According to court documents in Jonathan Delgado v. Interinsurance Exchange of the Automobile Club of Southern California (ACSC), Delgado was injured on Nov. 7, 2003 by Craig Reid, who had a homeowners insurance policy providing liability coverage for up to $100,000. In March 24, Delgado sued Reid, saying Reid struck, battered and kicked him unprovoked. The second cause of action alleged that Reid “negligently and unreasonably believed” he was engaging in self-defense when he injured Delgado. As a result, Reid turned to ACSC to provide defense in Delgado’s lawsuit.

ACSC said defense was not covered, because the assault was not an “occurrence,” which was defined in the policy as an “accident.” The insurer said Reid’s actions were intentional, which fell under a policy exclusion.

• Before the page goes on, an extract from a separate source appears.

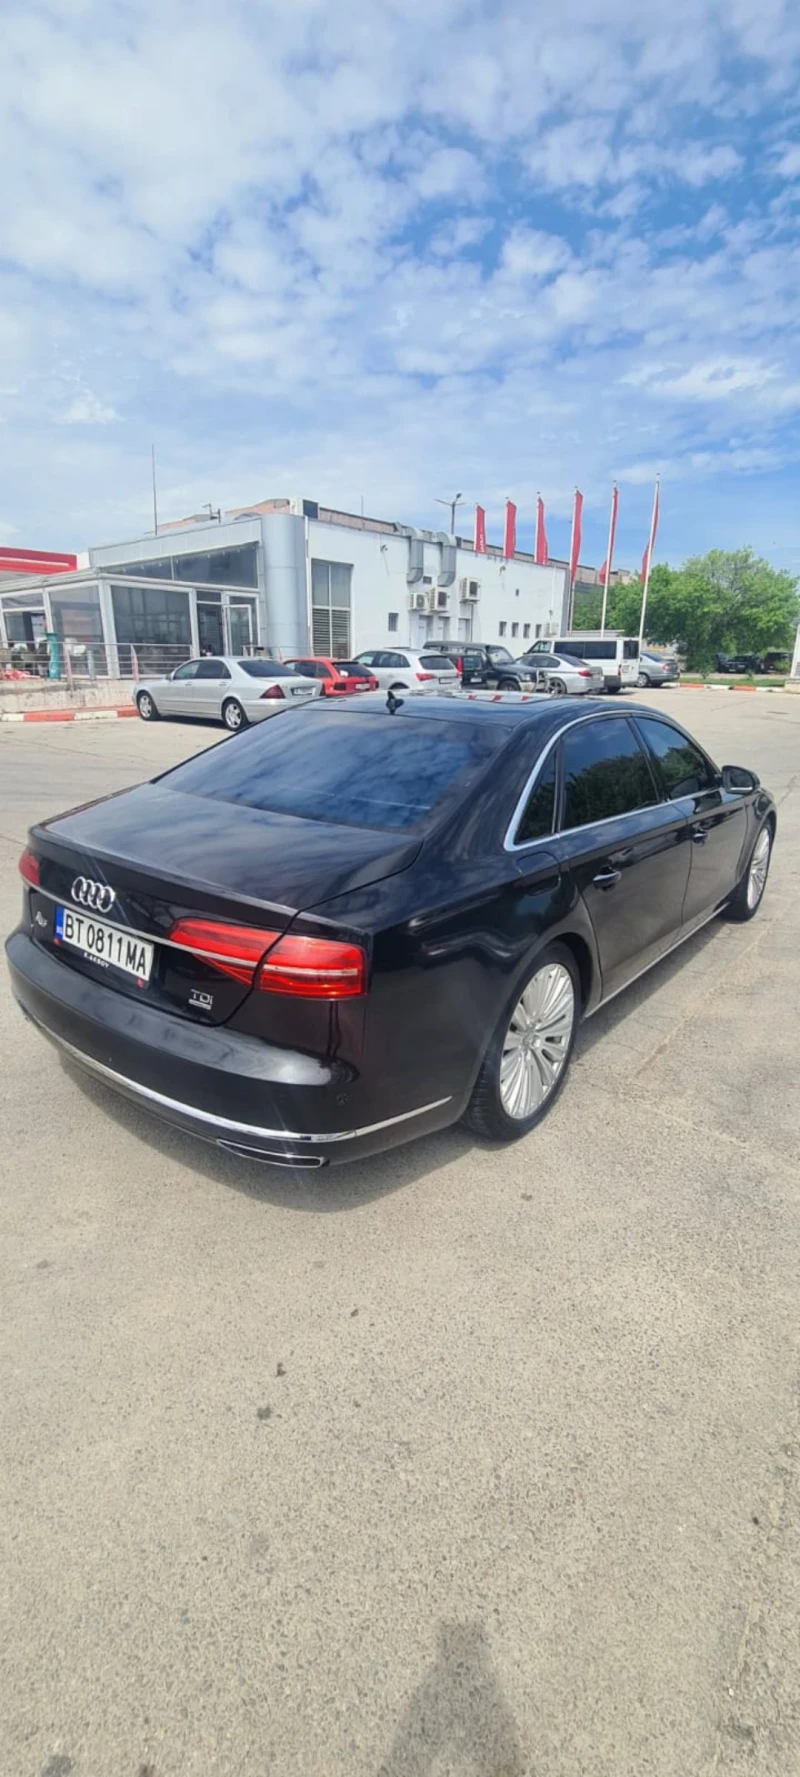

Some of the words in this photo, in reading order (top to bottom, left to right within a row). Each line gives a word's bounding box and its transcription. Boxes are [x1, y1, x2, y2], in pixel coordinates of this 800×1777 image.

[65, 913, 84, 943] BT
[87, 924, 122, 963] 0811
[125, 940, 146, 976] MA

In January 2005, Delgado requested the intentional tort claim be dismissed, and he and Reid settled, with Reid agreeing to pay Delgado $25,000. Reid stipulated that his action occurred because he “negligently believed he was acting in self-defense,” court documents state.

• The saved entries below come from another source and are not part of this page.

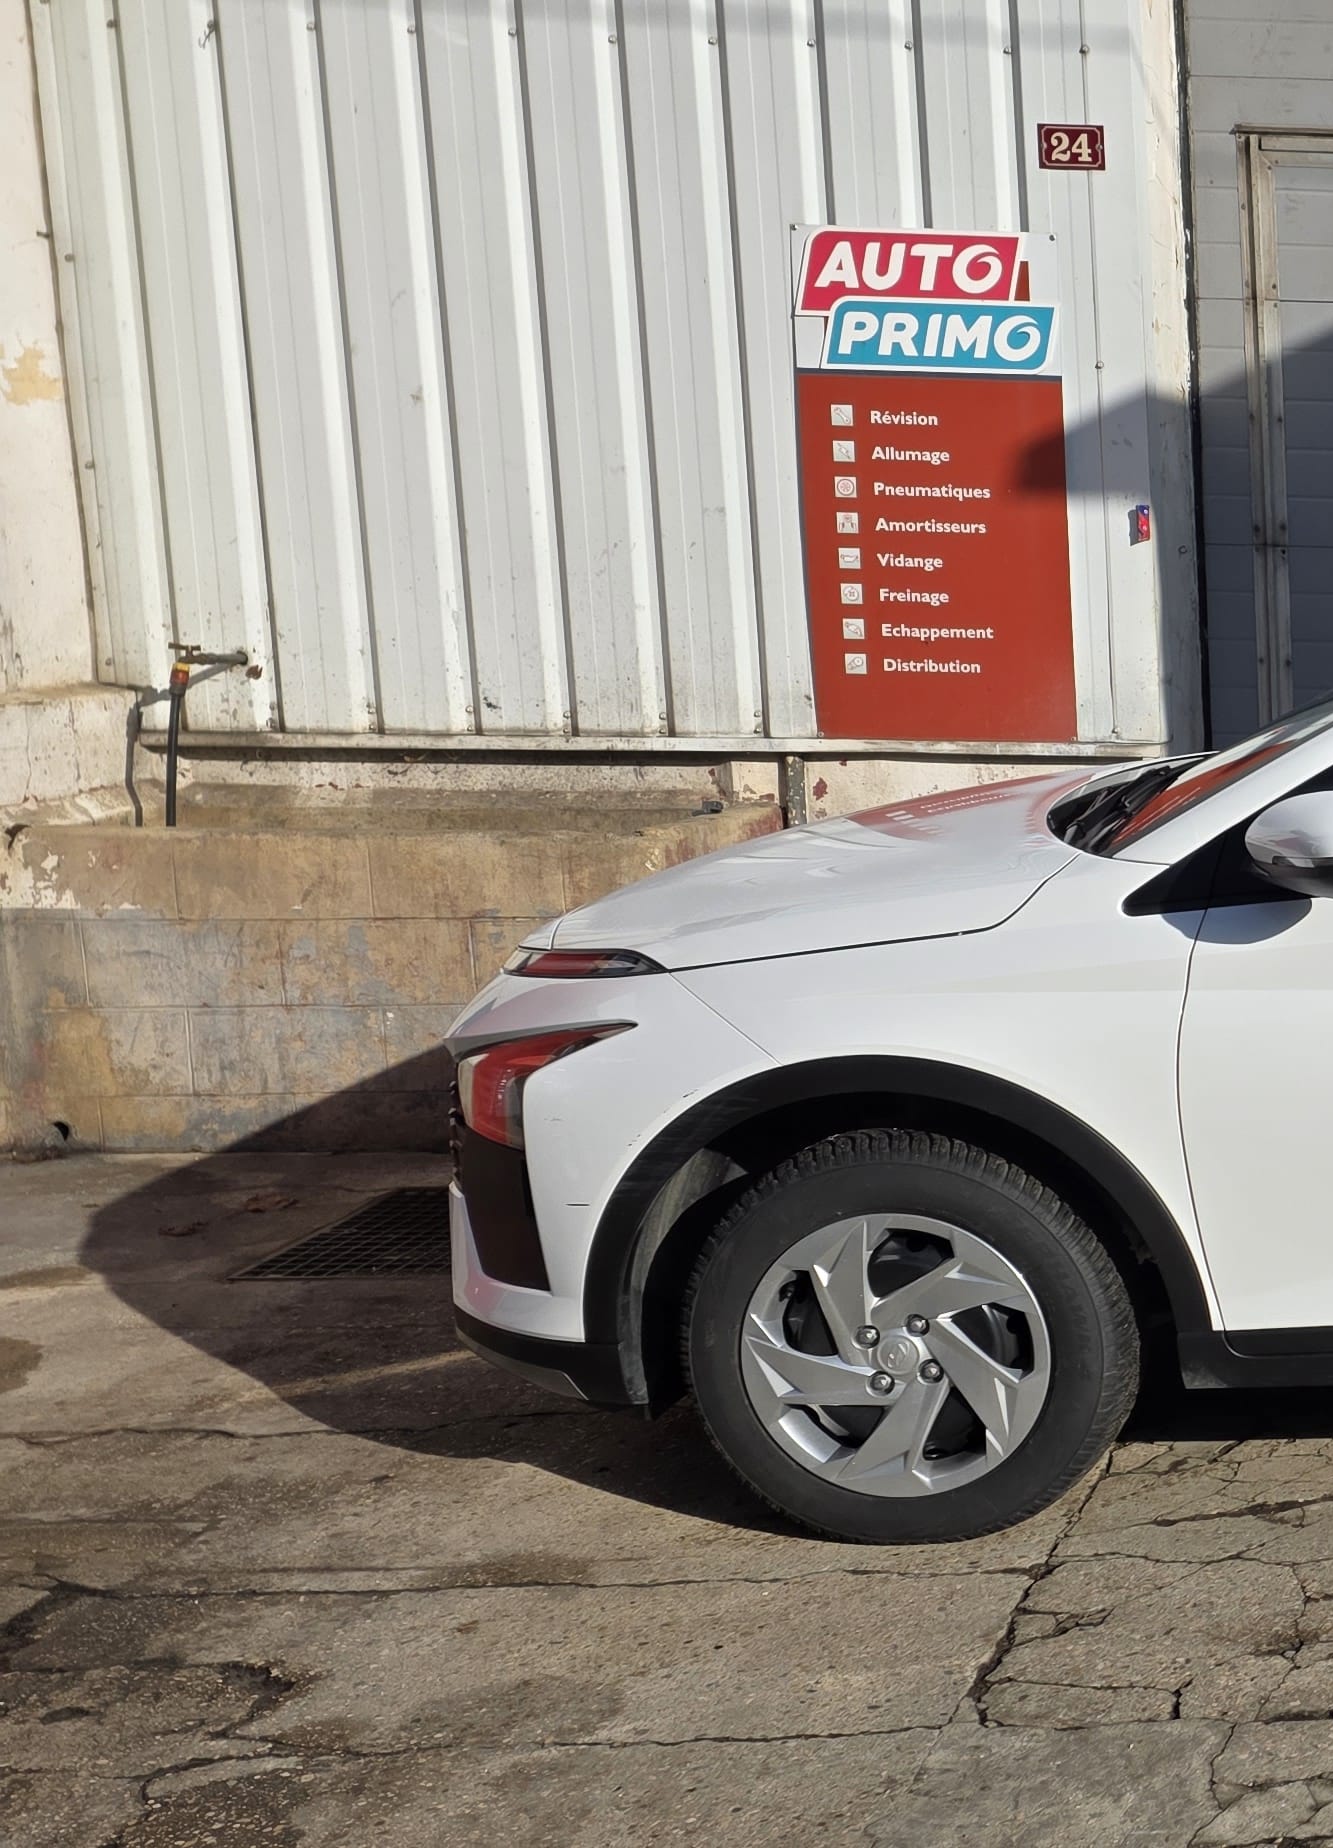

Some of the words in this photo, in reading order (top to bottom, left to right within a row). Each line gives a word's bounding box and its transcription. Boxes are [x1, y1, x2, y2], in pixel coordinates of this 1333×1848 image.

[1049, 132, 1093, 163] 24
[813, 241, 1003, 294] AUTO
[837, 310, 1041, 363] PRIMO
[870, 409, 939, 428] Révision
[871, 445, 950, 466] Allumage
[872, 481, 991, 502] Pneumatiques
[875, 516, 987, 536] Amortisseurs
[876, 551, 943, 573] Vidange
[879, 586, 950, 607] Freinage
[880, 622, 995, 644] Echappement
[882, 657, 982, 676] Distribution

Delgado then sued ACSC, alleging that Reid “acted ‘without intent to injure’ Delgado, ‘but with intent to defend himself and his family … from what [Reid] perceived was an imminent threat of harm.” Delgado said that because Reid’s action was in response to what he perceived was an imminent threat of harm and not an overreaction, and not willful or malicious, it was an accident, within the meaning of Reid’s insurance policy.

The trial court said that there were no facts to support Delgado’s claim that Reid believed he was acting in self-defense, so it was “disingenuous at best” to characterize Reid’s assault and battery as an “accident.”

The Court of Appeal reversed the lower court decision, saying that “allegations of harmful acts done with an unreasonable believe in self-defense describe conduct that is “properly characterized as nonintentional tortuous conduct,” and therefore potentially an accident covered by the insurance policy.

However, the state high court disagreed, saying, “[the] insured Reid’s assault and battery on Delgado were acts done with the intent to cause injury; there is no allegation in the complaint that the acts themselves were merely shielding or the result of a reflex action. Therefore, the injuries were not as a matter of law accidental, and consequently there is no potential for coverage under the policy.”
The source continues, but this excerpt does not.